---------- Data section

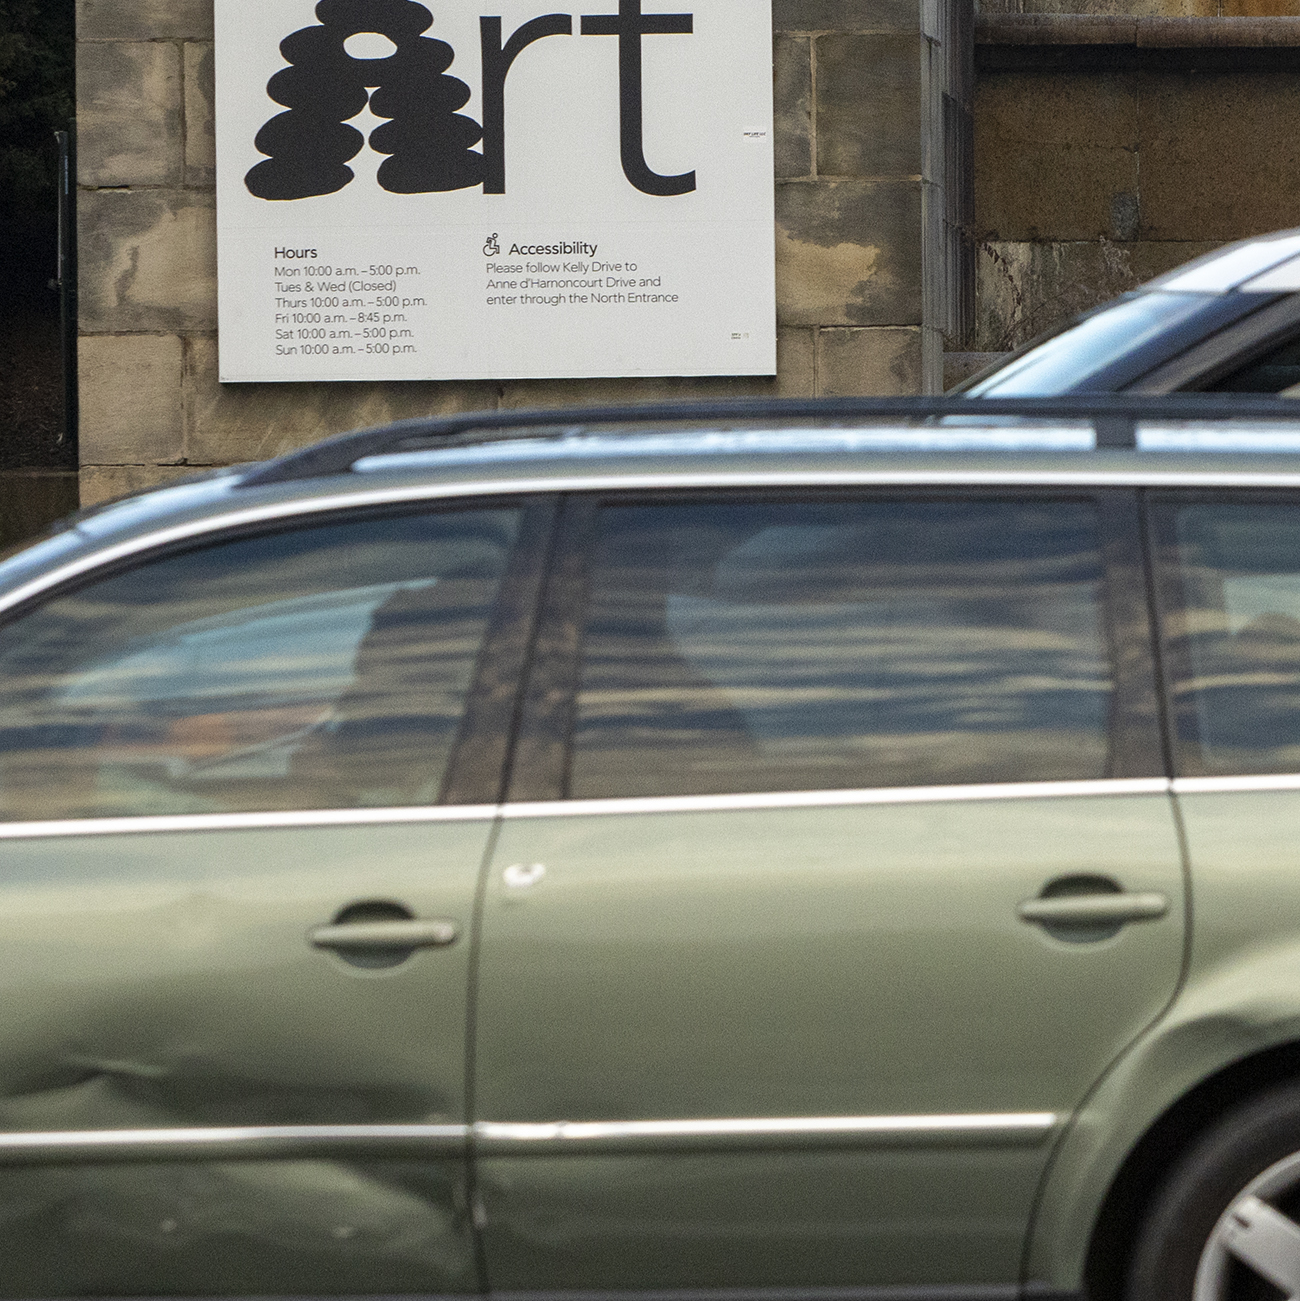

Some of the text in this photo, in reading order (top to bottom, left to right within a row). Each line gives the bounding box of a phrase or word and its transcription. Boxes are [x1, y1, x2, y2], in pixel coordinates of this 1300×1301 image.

[274, 246, 317, 260] Hours
[507, 240, 597, 259] Accessibility
[274, 266, 301, 278] Mon
[303, 265, 333, 277] 10:00
[395, 266, 420, 278] p.m.
[485, 260, 637, 275] Please follow Kelly Drive to
[274, 279, 396, 294] Tues & Wed (Closed)
[485, 278, 518, 290] Anne
[605, 275, 637, 289] Drive
[638, 275, 661, 288] and
[274, 297, 308, 309] Thurs
[309, 296, 339, 309] 10:00
[401, 297, 427, 309] p.m.
[485, 292, 679, 306] enter through the North Entrance
[274, 312, 289, 324] Fri
[291, 312, 321, 325] 10:00
[382, 313, 407, 325] p.m.
[275, 328, 293, 341] Sat
[296, 327, 326, 340] 10:00
[388, 328, 413, 340] p.m.
[275, 343, 297, 357] Sun
[299, 343, 330, 356] 10:00
[392, 344, 417, 356] p.m.
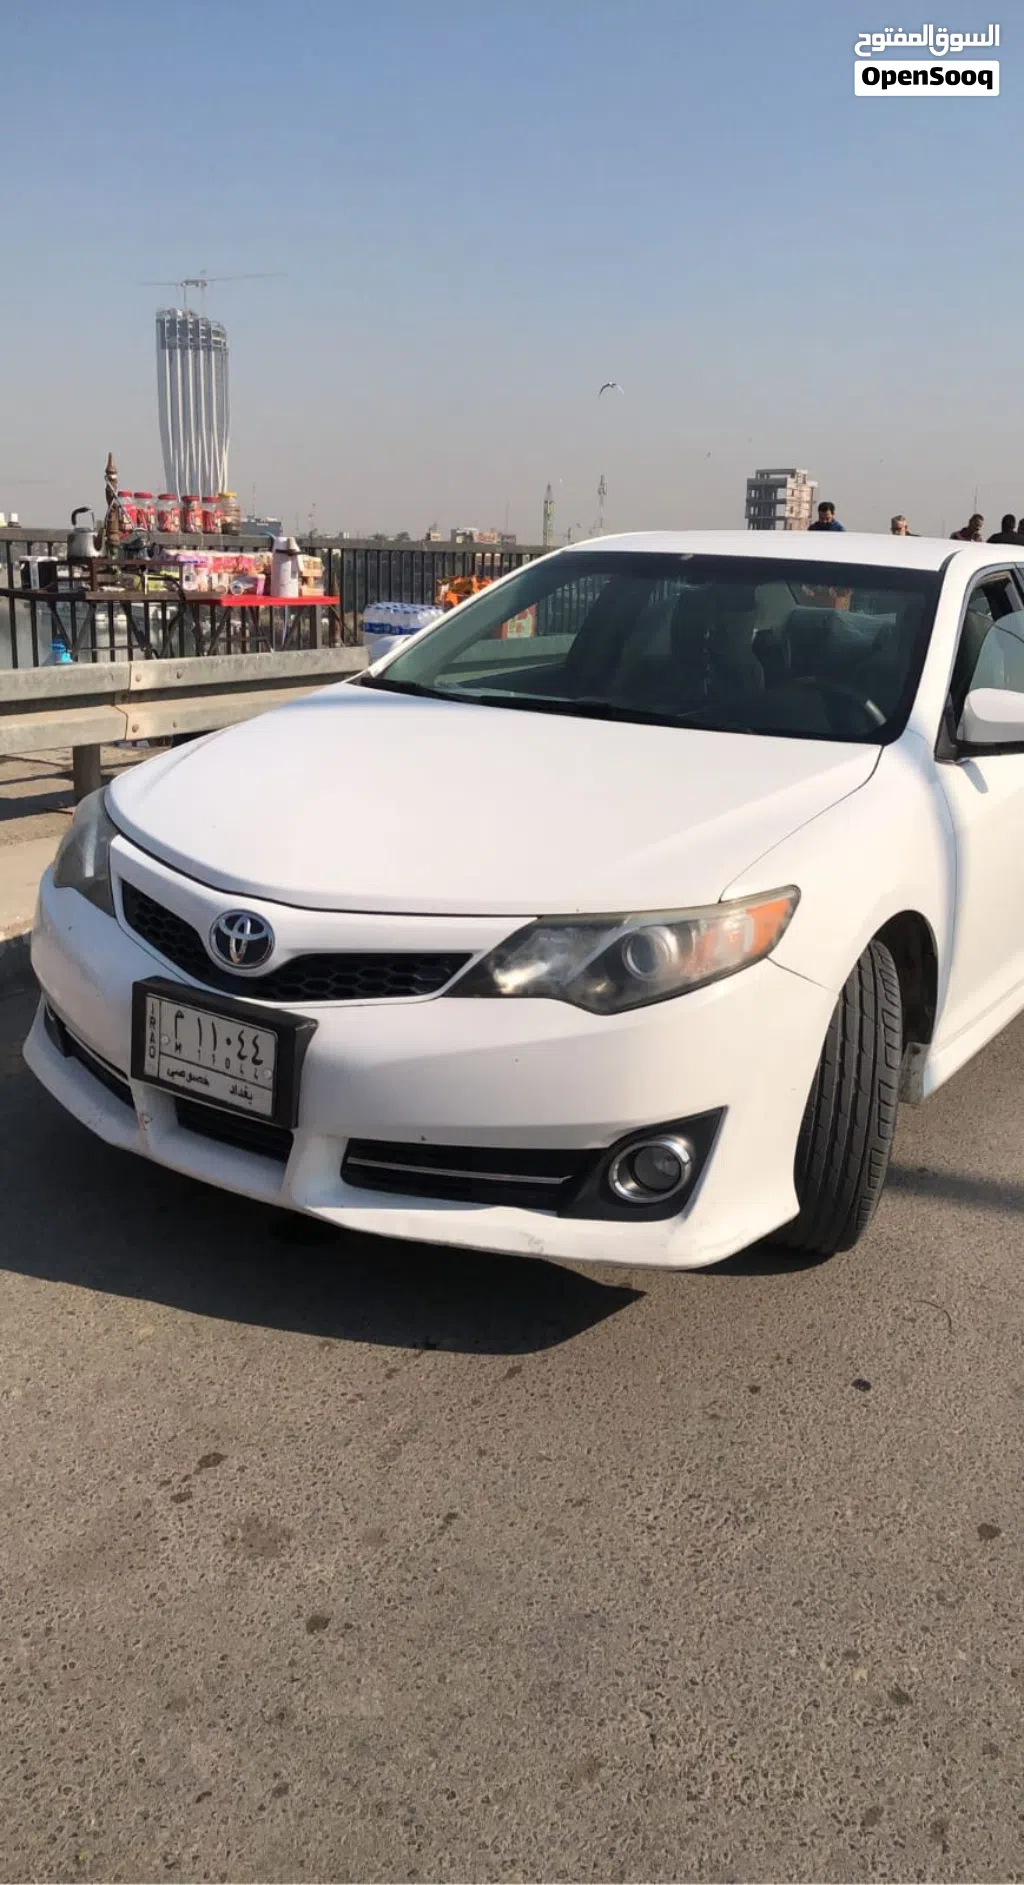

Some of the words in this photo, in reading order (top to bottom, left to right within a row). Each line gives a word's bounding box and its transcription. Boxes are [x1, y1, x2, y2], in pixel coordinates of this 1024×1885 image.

[148, 1002, 157, 1060] IRAQ
[197, 1017, 264, 1066] ١١٠٤٤
[167, 1067, 210, 1087] خصوصي
[229, 1084, 253, 1105] بغداد
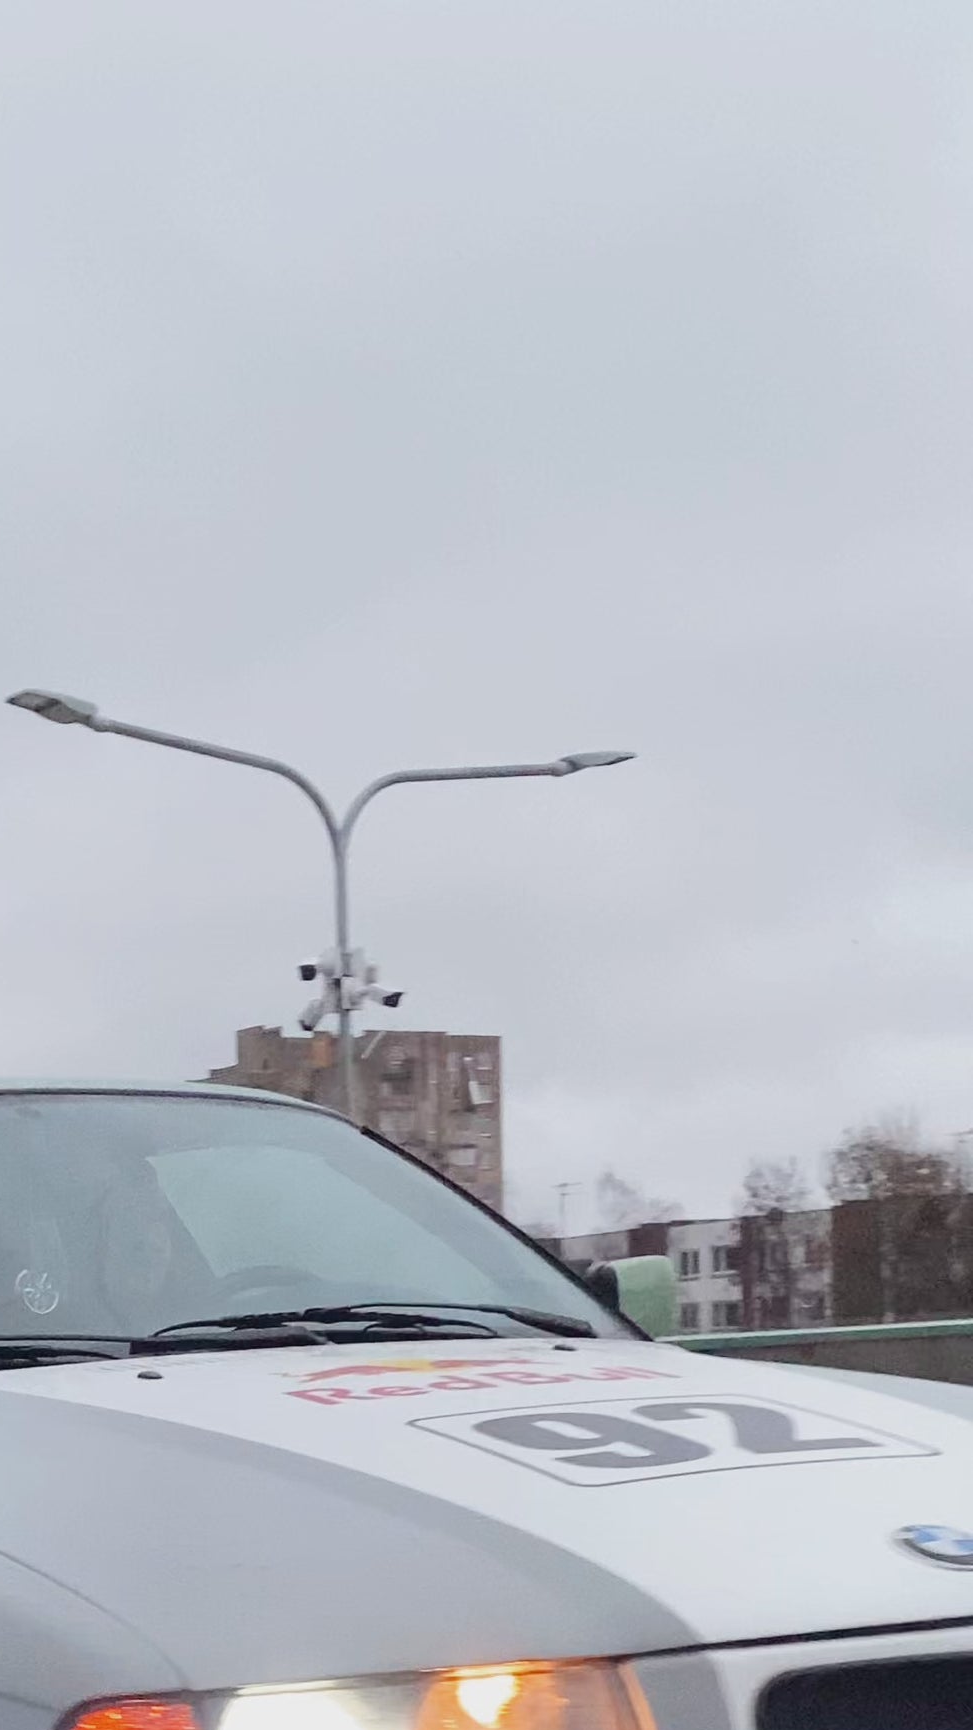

--------------------

■ **Task instructions**
Your task is to output the material word for word while leaving out every image.

■ **Response**
Some of the text in this photo, in reading order (top to bottom, left to right within a row). Each line gives the bounding box of a phrase or word and its transcription. Boxes are [x1, y1, x2, y2], in pixel coordinates of this 1300×1301 image.

[274, 246, 317, 260] Hours
[507, 240, 597, 259] Accessibility
[274, 266, 301, 278] Mon
[303, 265, 333, 277] 10:00
[395, 266, 420, 278] p.m.
[485, 260, 637, 275] Please follow Kelly Drive to
[274, 279, 396, 294] Tues & Wed (Closed)
[485, 278, 518, 290] Anne
[605, 275, 637, 289] Drive
[638, 275, 661, 288] and
[274, 297, 308, 309] Thurs
[309, 296, 339, 309] 10:00
[401, 297, 427, 309] p.m.
[485, 292, 679, 306] enter through the North Entrance
[274, 312, 289, 324] Fri
[291, 312, 321, 325] 10:00
[382, 313, 407, 325] p.m.
[275, 328, 293, 341] Sat
[296, 327, 326, 340] 10:00
[388, 328, 413, 340] p.m.
[275, 343, 297, 357] Sun
[299, 343, 330, 356] 10:00
[392, 344, 417, 356] p.m.

Some of the words in this photo, in reading order (top to bottom, left to right within a row). Each line gives a word's bounding box and its transcription. Boxes are [x1, y1, x2, y2], in pixel coordinates of this 1024×1885 image.

[148, 1002, 157, 1060] IRAQ
[197, 1017, 264, 1066] ١١٠٤٤
[167, 1067, 210, 1087] خصوصي
[229, 1084, 253, 1105] بغداد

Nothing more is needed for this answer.